Tras una jornada de carretera entre monótonos algodonales, hube de cambiar de vehículo para penetrar en el corazón del Kizilkum, donde había planeado pasar la noche en una yurta. El nuevo medio de transporte era un incómodo todoterreno ruso con una suspensión de madera, que, sin embargo, negociaba con oficio los arenales del camino. Dando tumbos llegamos, por fin, a una hondonada protegida por una duna en forma de herradura, donde se alzaban tres yurtas.
Apenas poner el pie en tierra, el silencio se apoderó de todo. Sólo una suave brisa susurraba intermitentemente su música acariciadora. Trepé laboriosamente la duna y un paisaje maravilloso apareció ante mis ojos. La inacabable llanura, cubierta de una fina hierba amarillenta, se extendía como una pradera agostada, sobre la que alguien hubiera pintado una variada policromía de verdes. Allí, en lo alto, me senté sobre la fina y acogedora arena, que se acomodó de inmediato a las formas de mi cuerpo. Mis ojos, impulsados por una fuerza interior, se cerraron al instante.

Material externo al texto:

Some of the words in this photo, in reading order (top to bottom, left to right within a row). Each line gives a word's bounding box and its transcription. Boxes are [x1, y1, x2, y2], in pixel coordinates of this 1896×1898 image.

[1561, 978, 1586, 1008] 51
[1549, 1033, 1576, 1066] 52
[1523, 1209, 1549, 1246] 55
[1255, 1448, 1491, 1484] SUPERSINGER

Todo parecía detenido, como si hubieran cesado misteriosamente los afanes y ambiciones que mueven la noria de la vida. Aquel lugar mágico, en sólo unos minutos había sedado los anhelos de mi mente, así que, ajeno a todo, me abandoné sin cuidado, mientras la débil luz de un atardecer encapotado vestía de tonos irreales la pradera. Al cabo de no sé cuanto tiempo regresé despacio, ensimismado, como el que no va a ninguna parte. Al encontrarme con Farit, el conductor, frente a las yurtas, me llevé la mano derecha solemnemente al corazón, con todo el sentimiento, respeto y gratitud de que fui capaz. Era el gesto más bello del mundo, que había aprendido allí. Todos los uzbekos lo repiten muchas veces al día, mientras sus rostros se transforman con el poder que encierra. Nadie puede hacerlo de manera rutinaria o hipócrita, porque el mecanismo ancestral que activa despierta inevitablemente los sentimientos más limpios que alberga el corazón humano. Es un gesto tan sagrado, simbólico y hermoso como las manos plegadas junto al rostro de los hindúes, expresando humildad, respeto y reconocimiento.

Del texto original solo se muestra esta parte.